→ **Exercise**: What you write must match the records exactly, except for the images, which are left out.

→ **Exercise material**:
'''

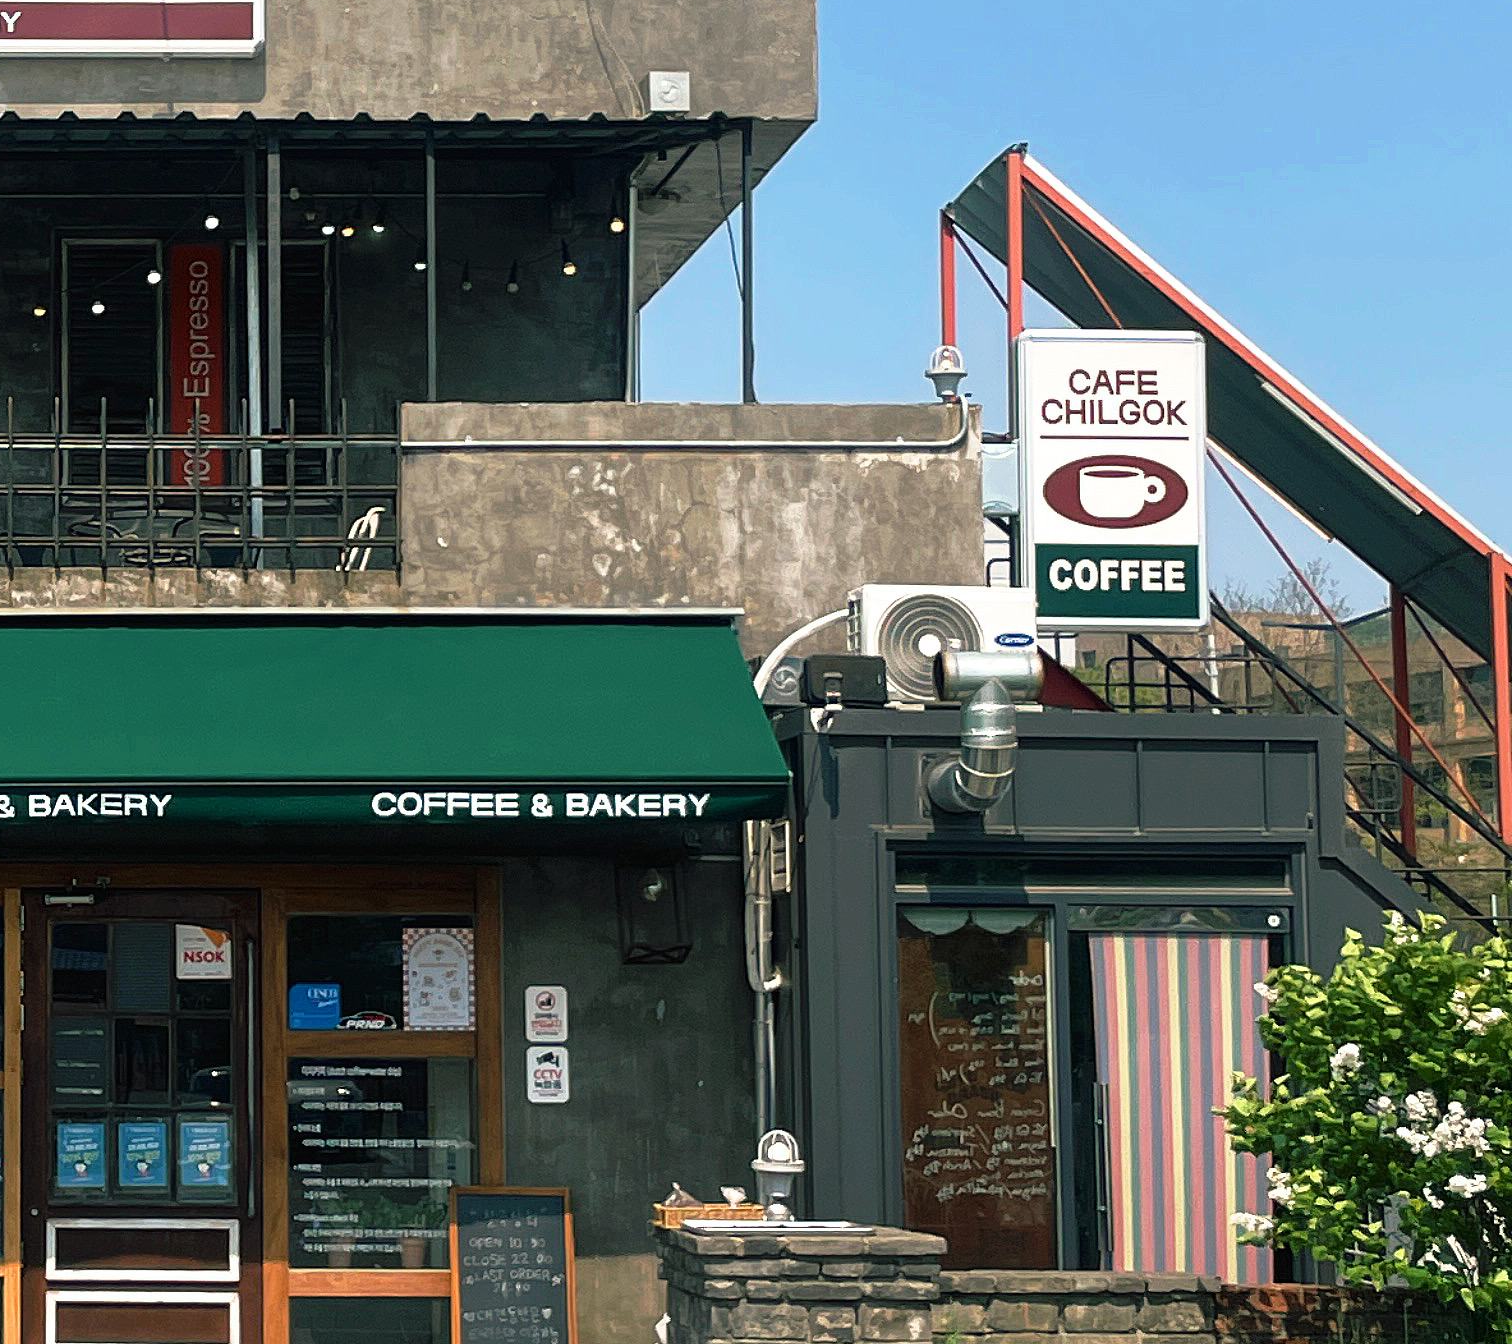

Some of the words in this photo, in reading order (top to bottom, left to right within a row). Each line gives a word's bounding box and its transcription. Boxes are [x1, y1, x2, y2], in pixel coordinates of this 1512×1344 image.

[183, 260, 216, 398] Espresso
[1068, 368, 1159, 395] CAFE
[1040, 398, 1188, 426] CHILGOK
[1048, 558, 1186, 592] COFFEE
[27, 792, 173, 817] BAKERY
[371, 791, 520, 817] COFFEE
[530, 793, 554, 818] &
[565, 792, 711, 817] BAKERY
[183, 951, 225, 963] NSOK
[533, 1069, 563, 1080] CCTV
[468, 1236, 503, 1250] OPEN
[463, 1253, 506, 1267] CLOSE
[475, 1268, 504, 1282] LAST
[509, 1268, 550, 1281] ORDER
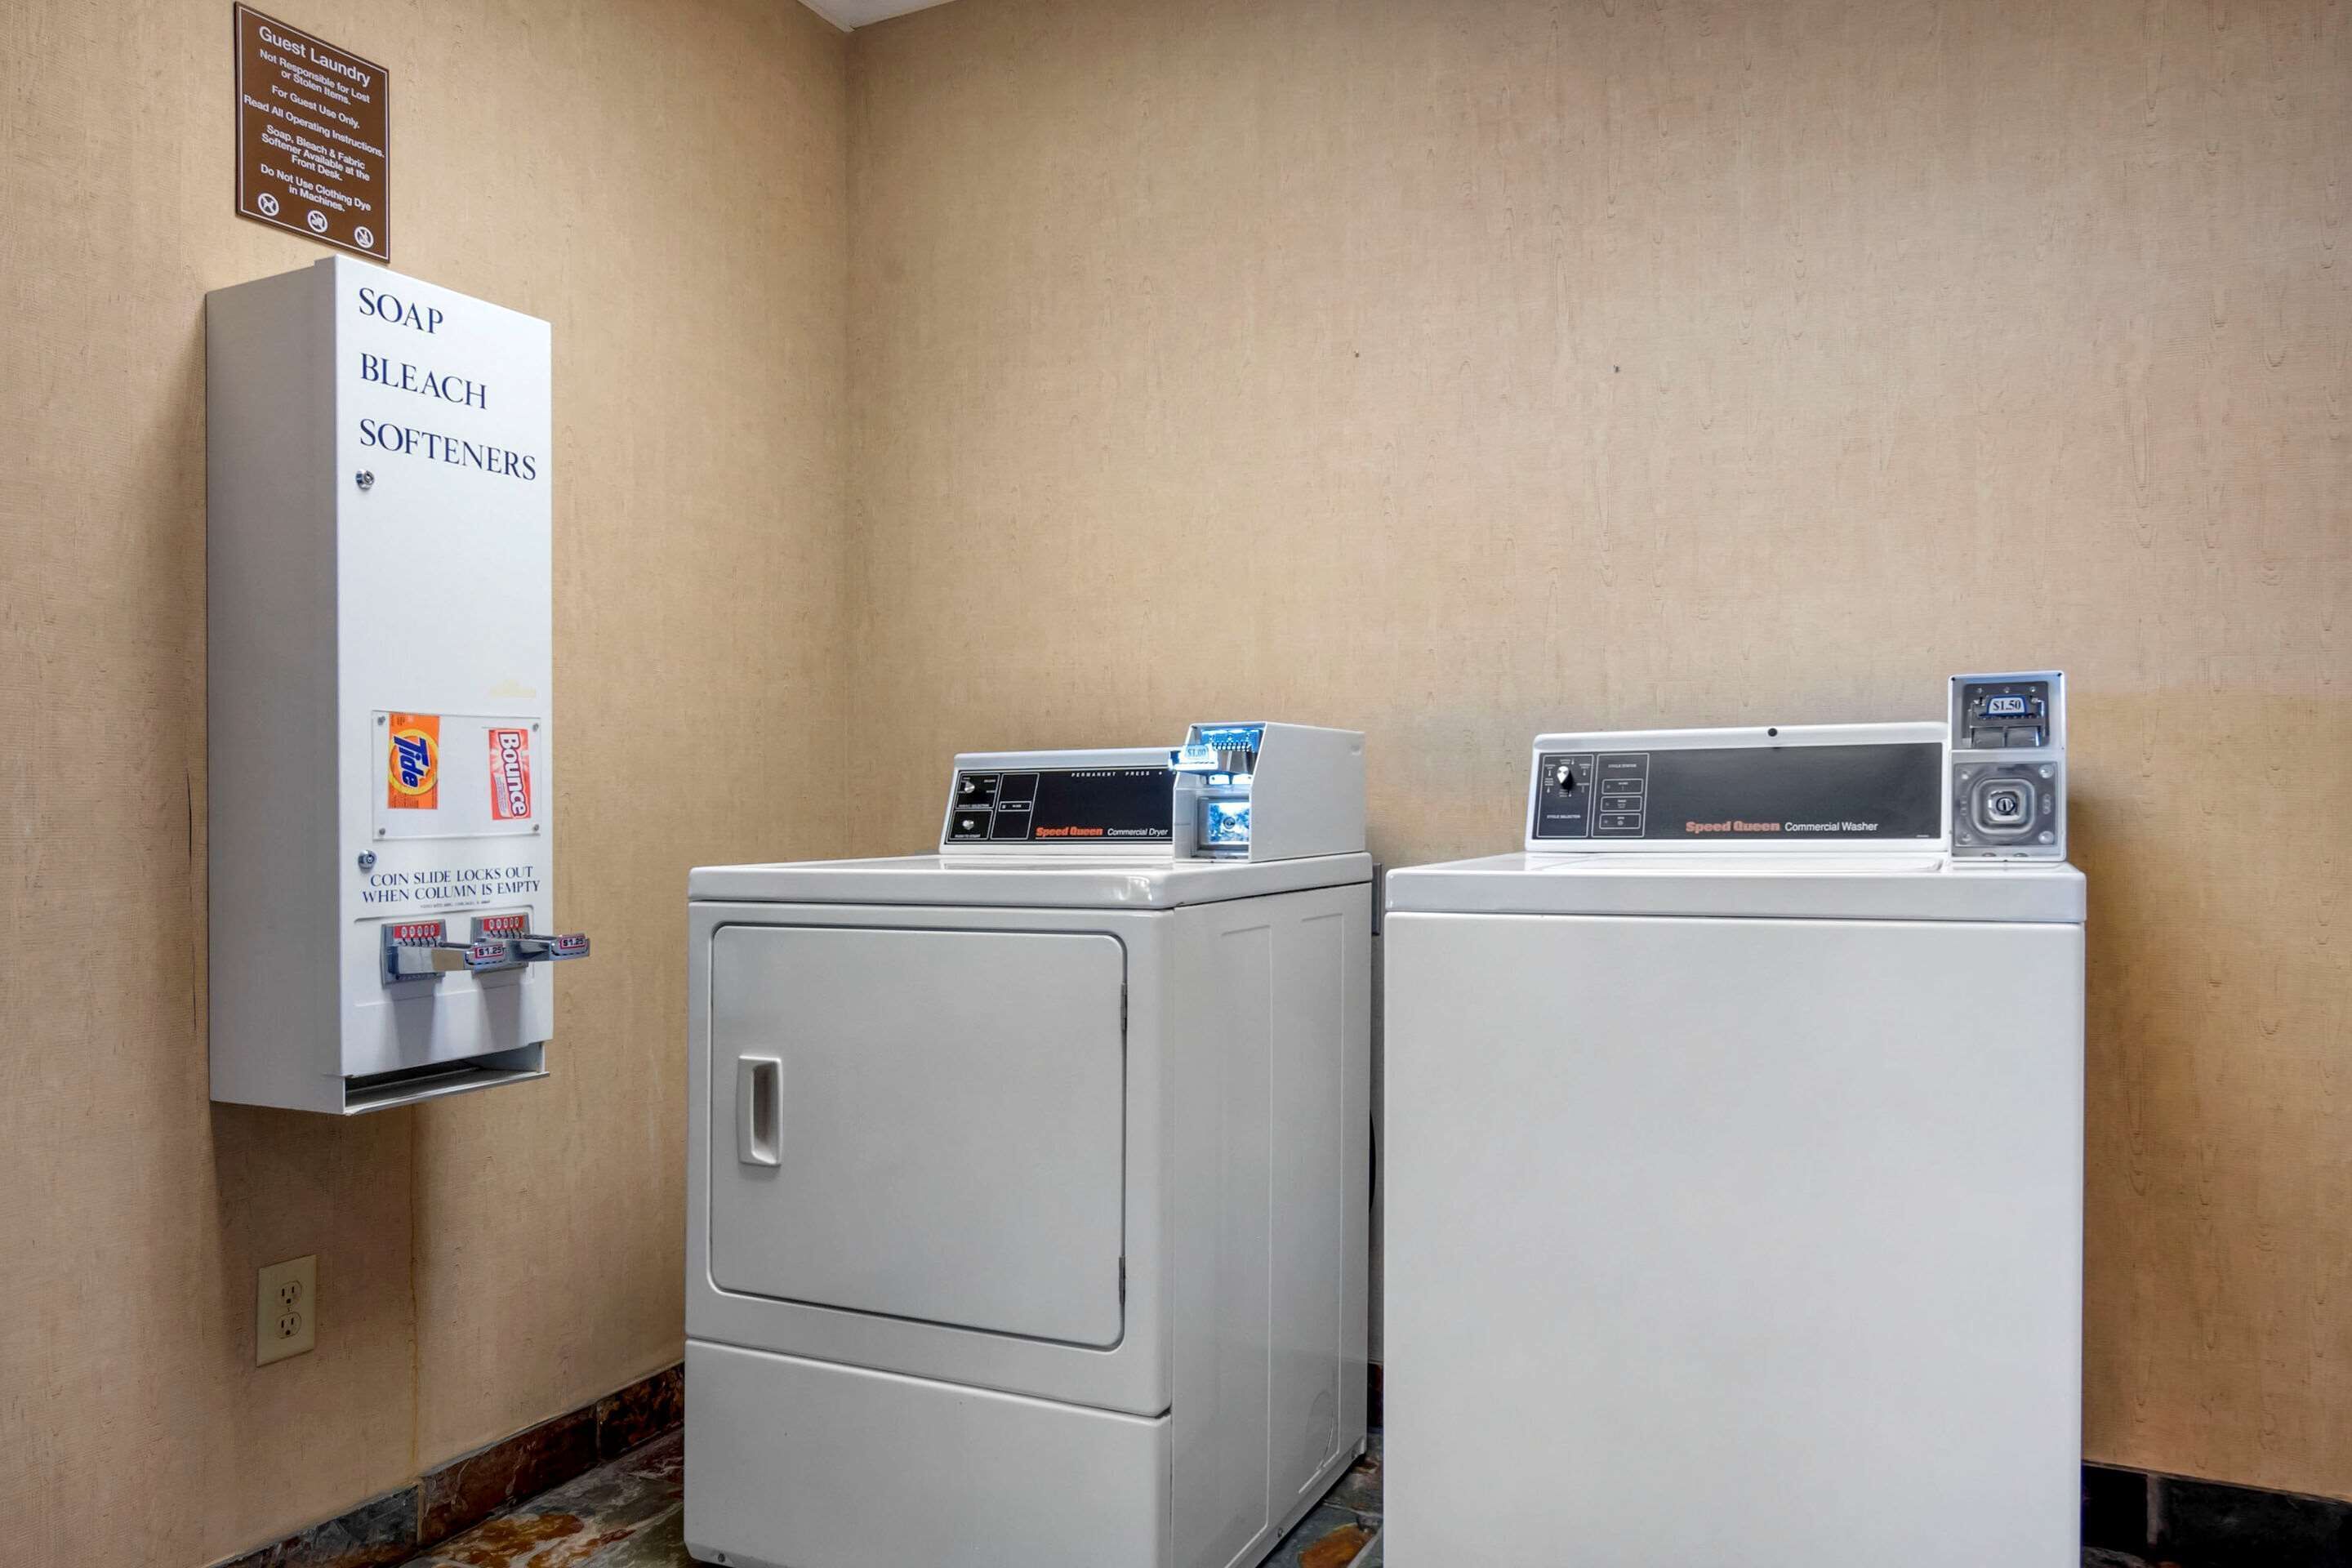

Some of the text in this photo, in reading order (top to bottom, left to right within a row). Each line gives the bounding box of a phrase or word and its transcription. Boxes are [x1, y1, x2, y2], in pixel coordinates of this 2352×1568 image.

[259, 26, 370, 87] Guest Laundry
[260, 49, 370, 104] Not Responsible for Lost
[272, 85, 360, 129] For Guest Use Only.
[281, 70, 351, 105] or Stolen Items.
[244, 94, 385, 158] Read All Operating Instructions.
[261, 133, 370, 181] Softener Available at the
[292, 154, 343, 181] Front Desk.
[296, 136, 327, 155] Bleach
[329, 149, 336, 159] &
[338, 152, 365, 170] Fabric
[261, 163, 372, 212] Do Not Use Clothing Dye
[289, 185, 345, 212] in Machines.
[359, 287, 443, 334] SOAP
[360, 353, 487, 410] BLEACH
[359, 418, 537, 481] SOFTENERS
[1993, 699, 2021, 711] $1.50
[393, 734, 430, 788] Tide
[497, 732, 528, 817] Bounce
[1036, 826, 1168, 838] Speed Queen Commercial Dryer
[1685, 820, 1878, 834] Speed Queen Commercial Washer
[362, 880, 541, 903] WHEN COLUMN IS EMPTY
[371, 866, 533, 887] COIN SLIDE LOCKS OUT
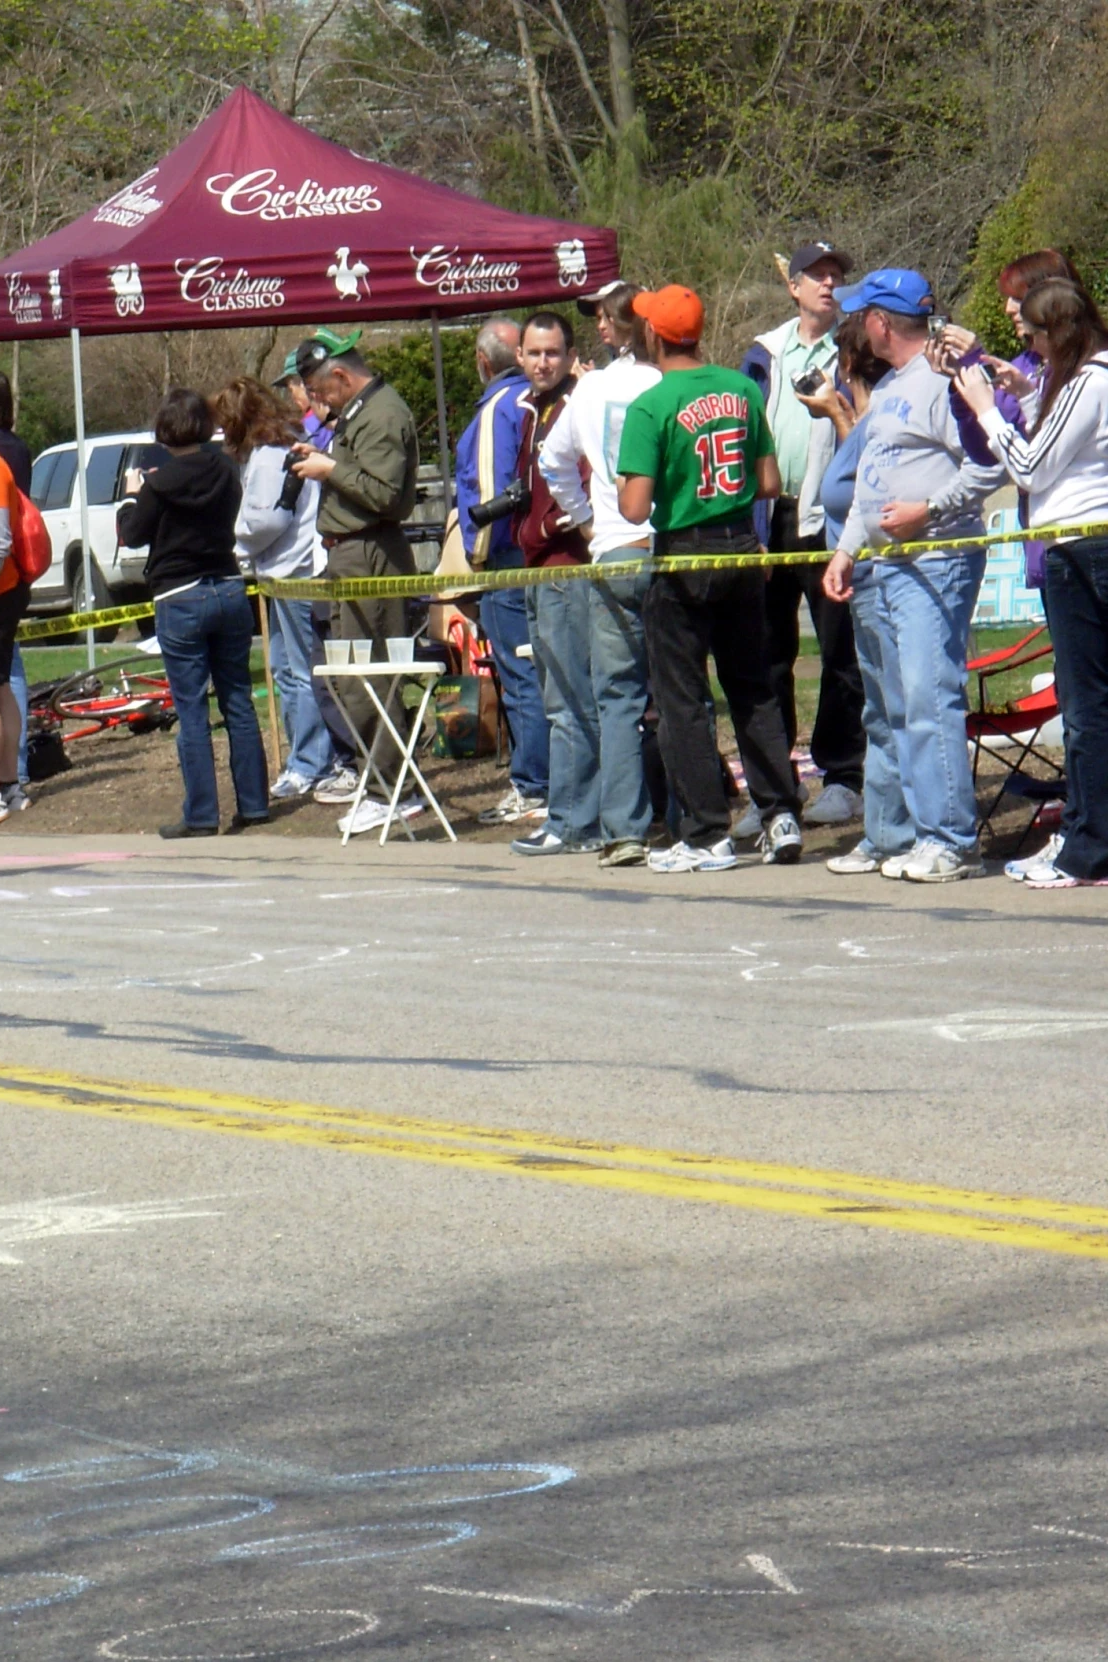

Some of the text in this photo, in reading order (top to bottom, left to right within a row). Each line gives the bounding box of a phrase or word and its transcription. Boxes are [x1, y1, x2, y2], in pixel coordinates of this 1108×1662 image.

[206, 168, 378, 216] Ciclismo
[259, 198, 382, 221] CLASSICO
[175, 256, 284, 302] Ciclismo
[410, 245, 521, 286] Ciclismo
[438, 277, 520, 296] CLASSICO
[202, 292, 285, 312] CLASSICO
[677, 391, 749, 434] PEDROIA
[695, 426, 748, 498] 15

'''

→ **Answer box**:
Some of the words in this photo, in reading order (top to bottom, left to right within a row). Each line gives a word's bounding box and its transcription. Boxes are [x1, y1, x2, y2], in pixel coordinates of this 1512×1344 image.

[183, 260, 216, 398] Espresso
[1068, 368, 1159, 395] CAFE
[1040, 398, 1188, 426] CHILGOK
[1048, 558, 1186, 592] COFFEE
[27, 792, 173, 817] BAKERY
[371, 791, 520, 817] COFFEE
[530, 793, 554, 818] &
[565, 792, 711, 817] BAKERY
[183, 951, 225, 963] NSOK
[533, 1069, 563, 1080] CCTV
[468, 1236, 503, 1250] OPEN
[463, 1253, 506, 1267] CLOSE
[475, 1268, 504, 1282] LAST
[509, 1268, 550, 1281] ORDER

Some of the text in this photo, in reading order (top to bottom, left to right within a row). Each line gives the bounding box of a phrase or word and its transcription. Boxes are [x1, y1, x2, y2], in pixel coordinates of this 2352×1568 image.

[259, 26, 370, 87] Guest Laundry
[260, 49, 370, 104] Not Responsible for Lost
[272, 85, 360, 129] For Guest Use Only.
[281, 70, 351, 105] or Stolen Items.
[244, 94, 385, 158] Read All Operating Instructions.
[261, 133, 370, 181] Softener Available at the
[292, 154, 343, 181] Front Desk.
[296, 136, 327, 155] Bleach
[329, 149, 336, 159] &
[338, 152, 365, 170] Fabric
[261, 163, 372, 212] Do Not Use Clothing Dye
[289, 185, 345, 212] in Machines.
[359, 287, 443, 334] SOAP
[360, 353, 487, 410] BLEACH
[359, 418, 537, 481] SOFTENERS
[1993, 699, 2021, 711] $1.50
[393, 734, 430, 788] Tide
[497, 732, 528, 817] Bounce
[1036, 826, 1168, 838] Speed Queen Commercial Dryer
[1685, 820, 1878, 834] Speed Queen Commercial Washer
[362, 880, 541, 903] WHEN COLUMN IS EMPTY
[371, 866, 533, 887] COIN SLIDE LOCKS OUT

Some of the text in this photo, in reading order (top to bottom, left to right within a row). Each line gives the bounding box of a phrase or word and its transcription. Boxes are [x1, y1, x2, y2], in pixel coordinates of this 1108×1662 image.

[206, 168, 378, 216] Ciclismo
[259, 198, 382, 221] CLASSICO
[175, 256, 284, 302] Ciclismo
[410, 245, 521, 286] Ciclismo
[438, 277, 520, 296] CLASSICO
[202, 292, 285, 312] CLASSICO
[677, 391, 749, 434] PEDROIA
[695, 426, 748, 498] 15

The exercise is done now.